§ **TASK DESCRIPTION**:
Copy every entry exactly, but skip the pictures.

------ GIVEN RECORDS

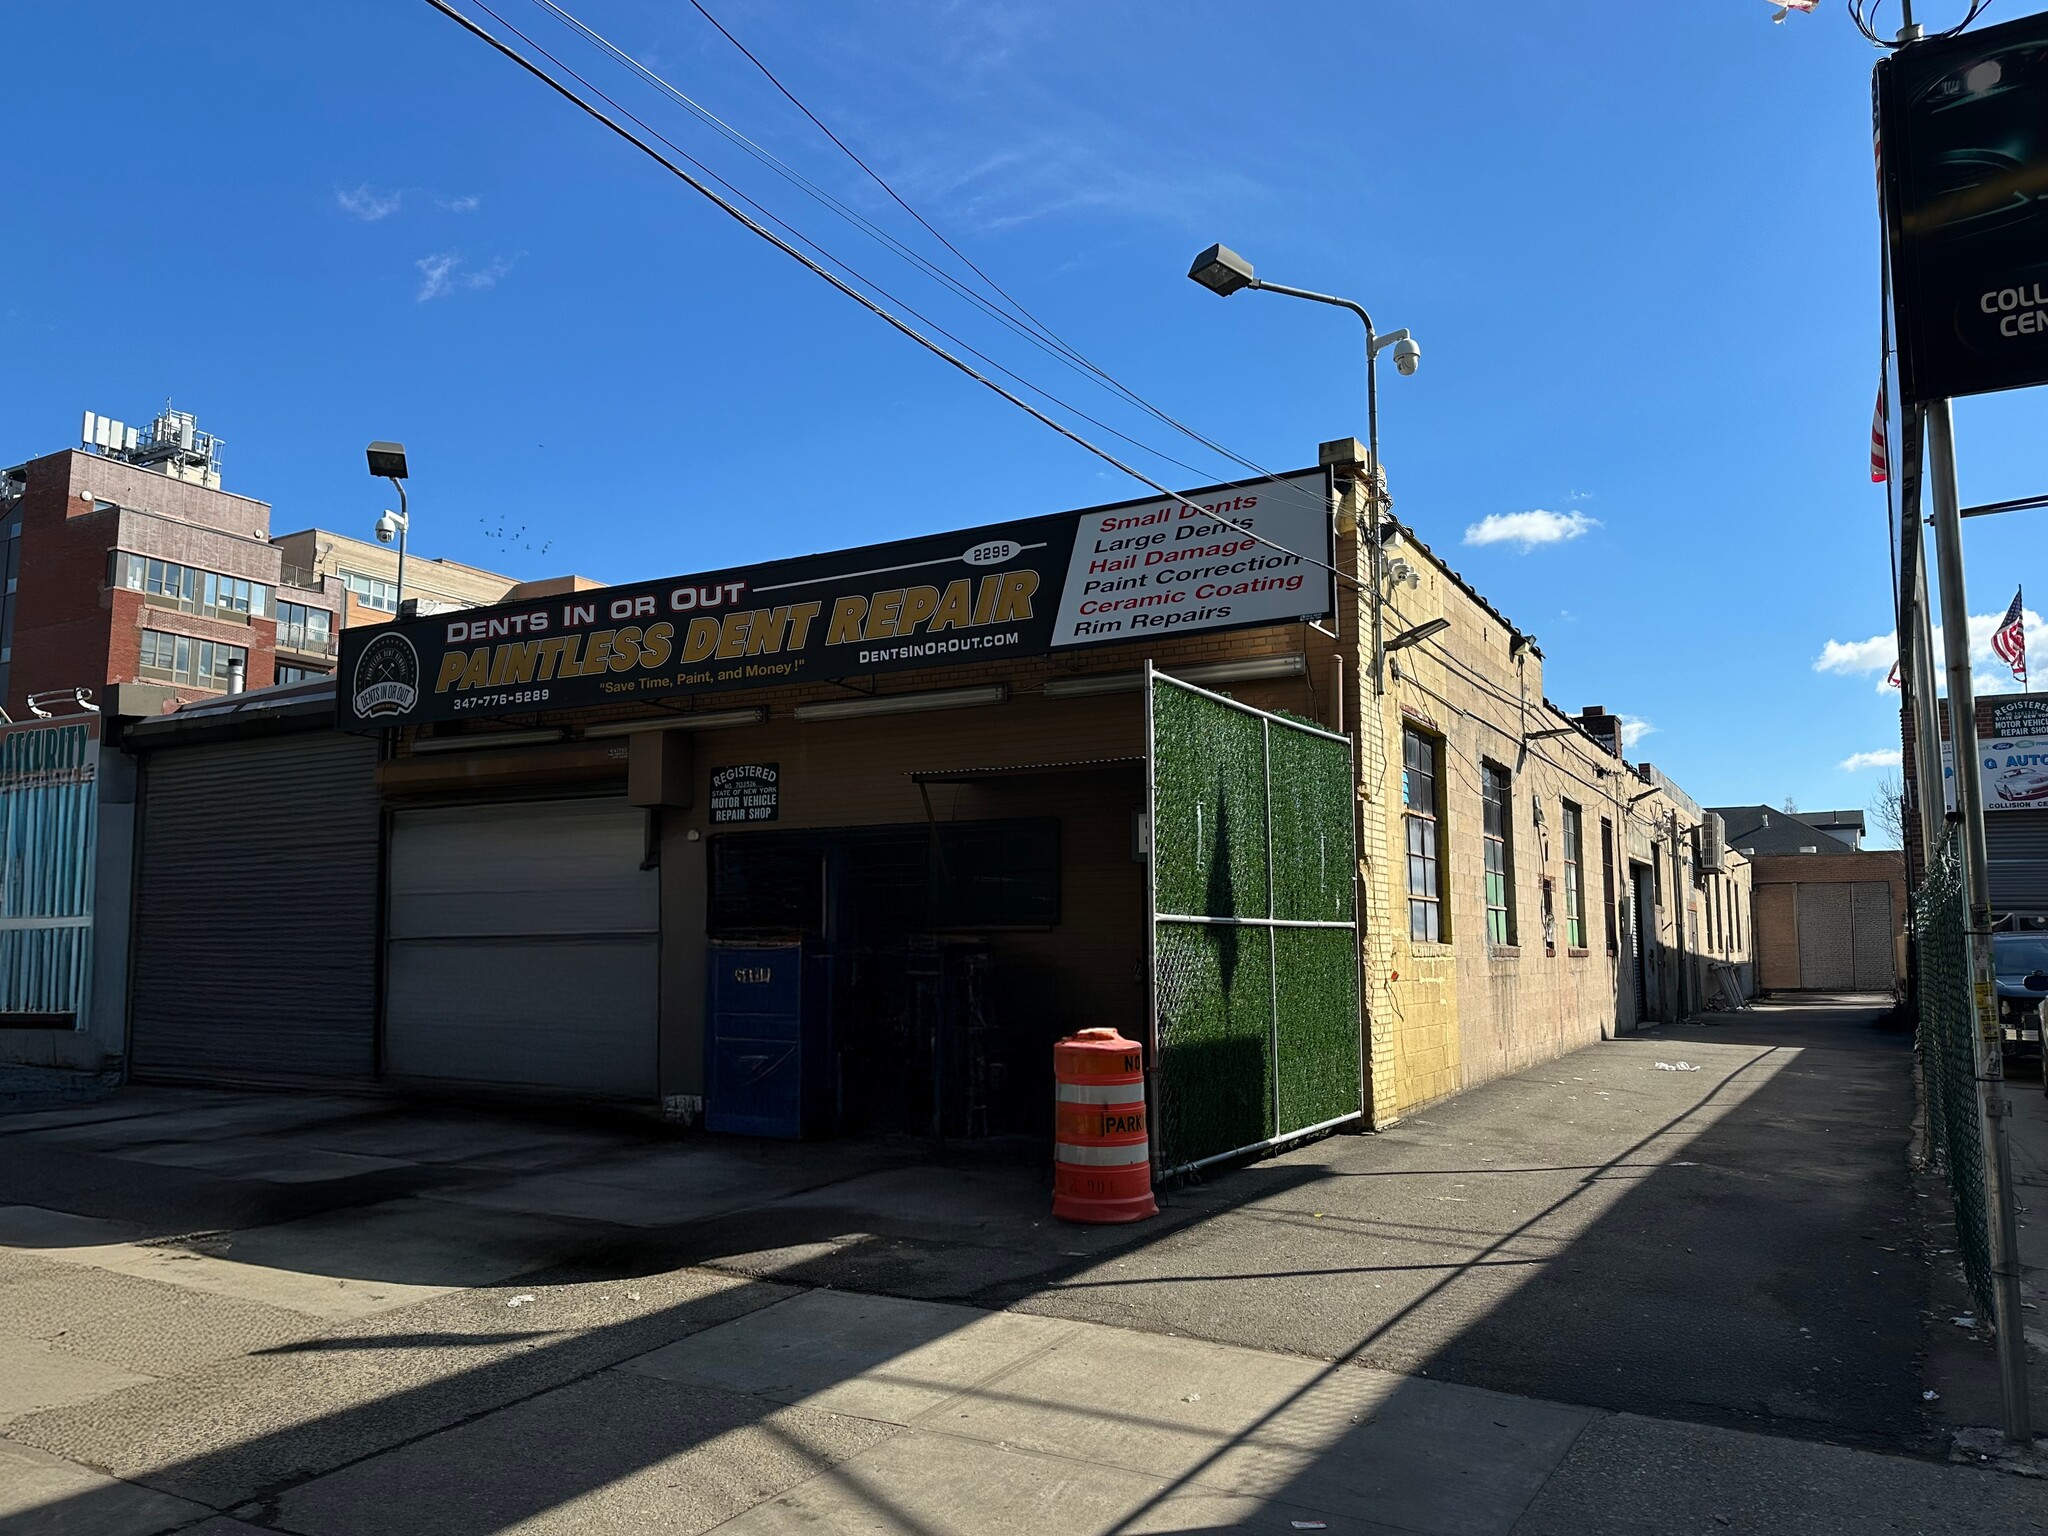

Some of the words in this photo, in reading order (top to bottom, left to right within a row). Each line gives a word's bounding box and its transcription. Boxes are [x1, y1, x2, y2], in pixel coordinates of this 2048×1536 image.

[1980, 283, 2048, 314] COLL
[1100, 508, 1171, 533] Small
[1178, 496, 1258, 520] Dents
[1094, 531, 1167, 554] Large
[1174, 516, 1254, 541] Dents
[973, 544, 1010, 562] 2299
[1088, 553, 1137, 575] Hail
[1144, 538, 1256, 568] Damage
[1083, 573, 1149, 596] Paint
[1155, 554, 1304, 584] Correction
[1079, 590, 1187, 616] Ceramic
[1195, 574, 1304, 600] Coating
[446, 611, 549, 644] DENTS
[563, 604, 596, 627] IN
[609, 596, 656, 620] OR
[670, 580, 747, 611] OUT
[1073, 619, 1121, 637] Rim
[1130, 604, 1232, 629] Repairs
[435, 621, 675, 694] PAINTLESS
[681, 600, 822, 665] DENT
[825, 569, 1040, 646] REPAIR
[859, 632, 1019, 664] DENTSINOROUT.COM
[600, 680, 636, 694] "Save
[638, 676, 674, 690] Time,
[677, 670, 713, 685] Paint,
[717, 666, 743, 680] and
[360, 686, 380, 708] DENTS
[382, 685, 387, 699] IN
[388, 685, 396, 699] OR
[397, 686, 411, 703] OUT
[453, 689, 551, 710] 347-776-5289
[1995, 720, 2021, 729] MOTOR
[2001, 727, 2029, 737] REPAIR
[4, 722, 91, 783] SECURITY
[713, 765, 777, 787] REGISTERED
[711, 797, 739, 809] MOTOR
[743, 793, 777, 807] VEHICLE
[716, 809, 745, 821] REPAIR
[748, 807, 772, 820] SHOP
[1988, 801, 2031, 809] COLLISION

------------

§ **TASK RESPONSE**:
Some of the words in this photo, in reading order (top to bottom, left to right within a row). Each line gives a word's bounding box and its transcription. Boxes are [x1, y1, x2, y2], in pixel coordinates of this 2048×1536 image.

[1980, 283, 2048, 314] COLL
[1100, 508, 1171, 533] Small
[1178, 496, 1258, 520] Dents
[1094, 531, 1167, 554] Large
[1174, 516, 1254, 541] Dents
[973, 544, 1010, 562] 2299
[1088, 553, 1137, 575] Hail
[1144, 538, 1256, 568] Damage
[1083, 573, 1149, 596] Paint
[1155, 554, 1304, 584] Correction
[1079, 590, 1187, 616] Ceramic
[1195, 574, 1304, 600] Coating
[446, 611, 549, 644] DENTS
[563, 604, 596, 627] IN
[609, 596, 656, 620] OR
[670, 580, 747, 611] OUT
[1073, 619, 1121, 637] Rim
[1130, 604, 1232, 629] Repairs
[435, 621, 675, 694] PAINTLESS
[681, 600, 822, 665] DENT
[825, 569, 1040, 646] REPAIR
[859, 632, 1019, 664] DENTSINOROUT.COM
[600, 680, 636, 694] "Save
[638, 676, 674, 690] Time,
[677, 670, 713, 685] Paint,
[717, 666, 743, 680] and
[360, 686, 380, 708] DENTS
[382, 685, 387, 699] IN
[388, 685, 396, 699] OR
[397, 686, 411, 703] OUT
[453, 689, 551, 710] 347-776-5289
[1995, 720, 2021, 729] MOTOR
[2001, 727, 2029, 737] REPAIR
[4, 722, 91, 783] SECURITY
[713, 765, 777, 787] REGISTERED
[711, 797, 739, 809] MOTOR
[743, 793, 777, 807] VEHICLE
[716, 809, 745, 821] REPAIR
[748, 807, 772, 820] SHOP
[1988, 801, 2031, 809] COLLISION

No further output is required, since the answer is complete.